In the conclusion of his prologue to The Age of Reagan, Steve writes: “If any person can claim vindication for his record of criticism and prognostication, it is Moynihan.” In A Dangerous Place, Moynihan’s criticism of the desiccated liberalism of the New York Times is a theme of the chapter discussing his nomination by President Ford to serve as ambassador to the United Nations. Moynihan’s criticism of the Times in connection with his own nomination in 1975 sits in judgment on the Times’s condemnation of John Bolton, both in its July 23 page-one hit piece by Warren Hoge (now behind TimesSelect) and its pro forma editorial yesterday.

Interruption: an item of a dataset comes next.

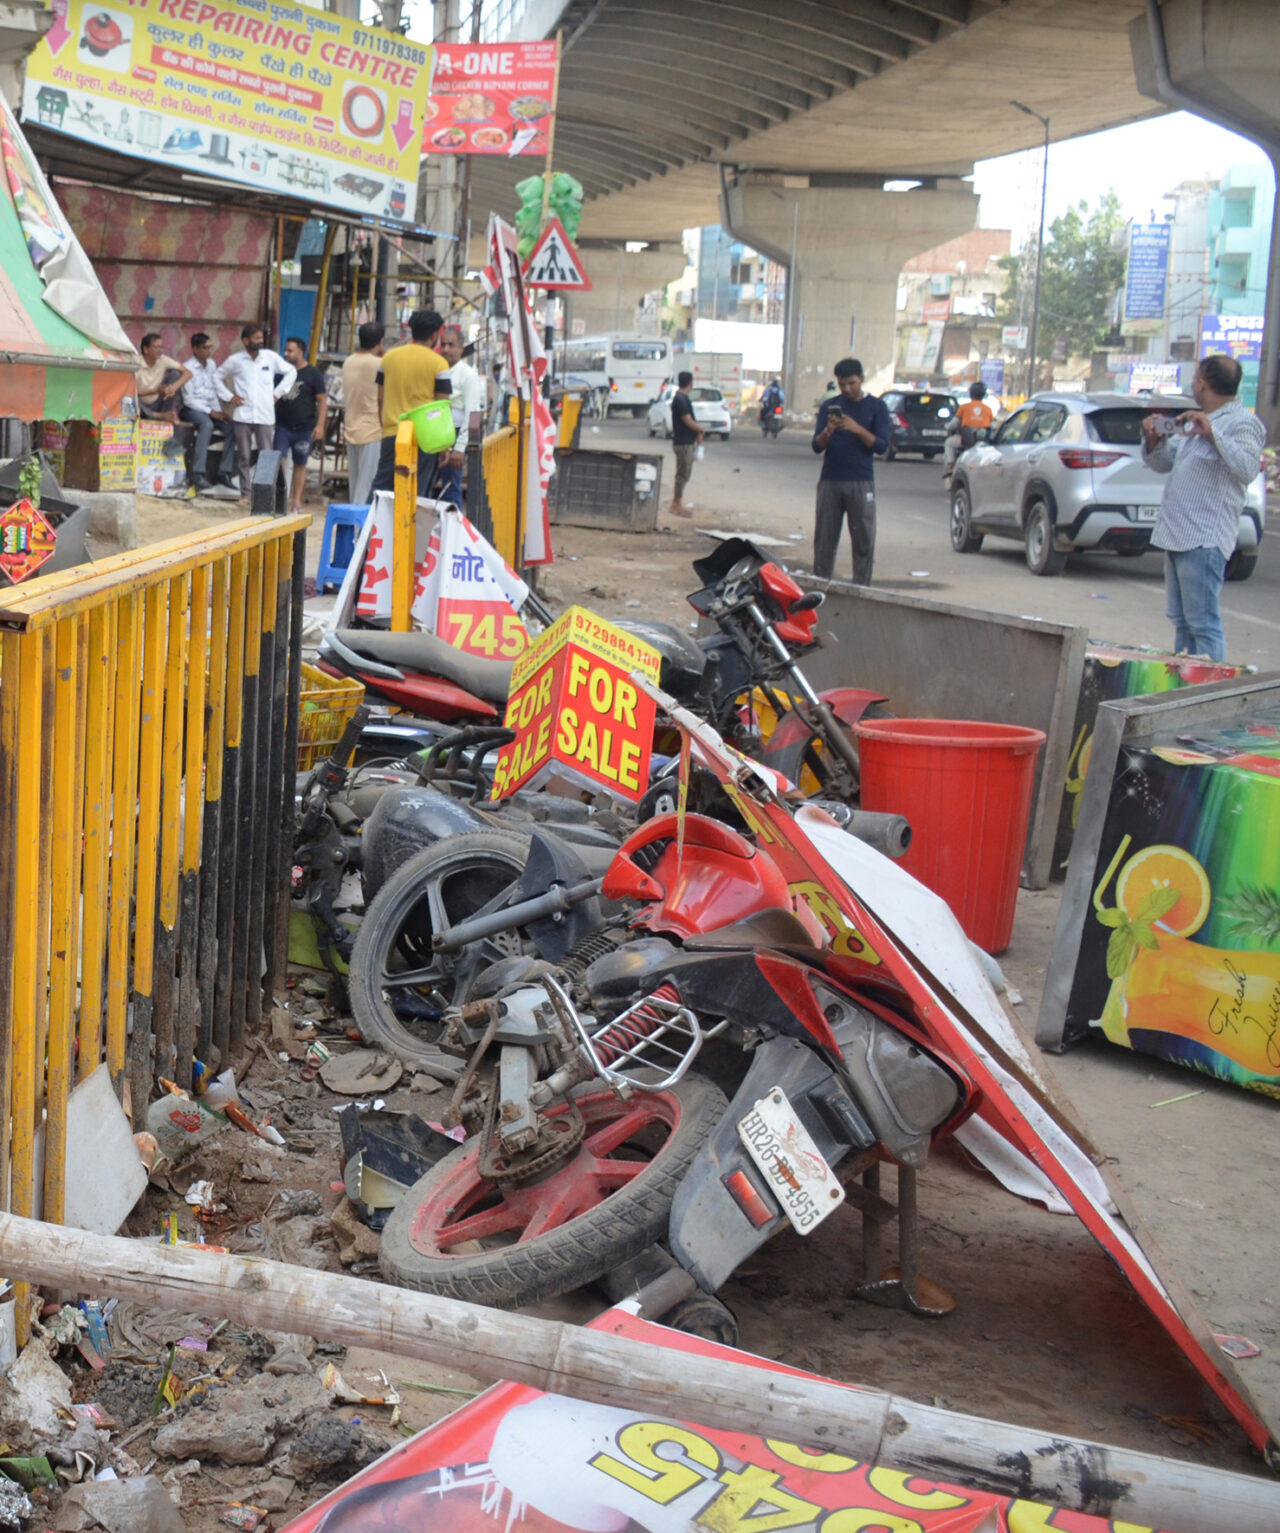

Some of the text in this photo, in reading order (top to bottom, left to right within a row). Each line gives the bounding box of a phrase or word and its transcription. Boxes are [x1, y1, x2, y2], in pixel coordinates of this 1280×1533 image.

Beyond their treatment by the New York Times, one connection between Moynihan and Bolton is Bolton’s role in securing the repeal of the “Zionism is racism” resolution by the United Nations in 1991 during Bolton’s service in the Bush (41) administration. President Bush (43) mentioned Bolton’s role in securing the repeal of what he termed the “shameful” resolution in his remarks concerning his recess appointmment of Ambassador Bolton, as did Condoleezza Rice in her March 2005 remarks concerning Bolton’s nomination. Upon the adoption of the resolution in November 1975, Moynihan gave a magnificent speech, the first and last sentence of which (Moynihan notes in his memoir) had been contributed by Norman Podhoretz: “The United States rises to declare before the General Assembly of the United Nations and before the world, that it does not acknowledge, it does not abide by, it will never acquiesce in this infamous act.” Bolton’s role in the undoing of the infamous act is sketched by Thomas Boyd in an excellent April 2005 Boston Globe column supporting Bolton’s nomination.

In any event, I place Moynihan’s account of his treatment by the Times in the context of the Bolton nomination in a column for the Standard this morning: “Déjà Vu, All Over Again.” Please check it out. (Thanks to RealClearPolitics for including the column in its honor roll this morning.)

UPDATE: Put this New York Sun story in the category of today’s good news, consistent with the Times’s formulaic editorial opposition to Bolton: “Schumer says Bolton won’t face filibuster.”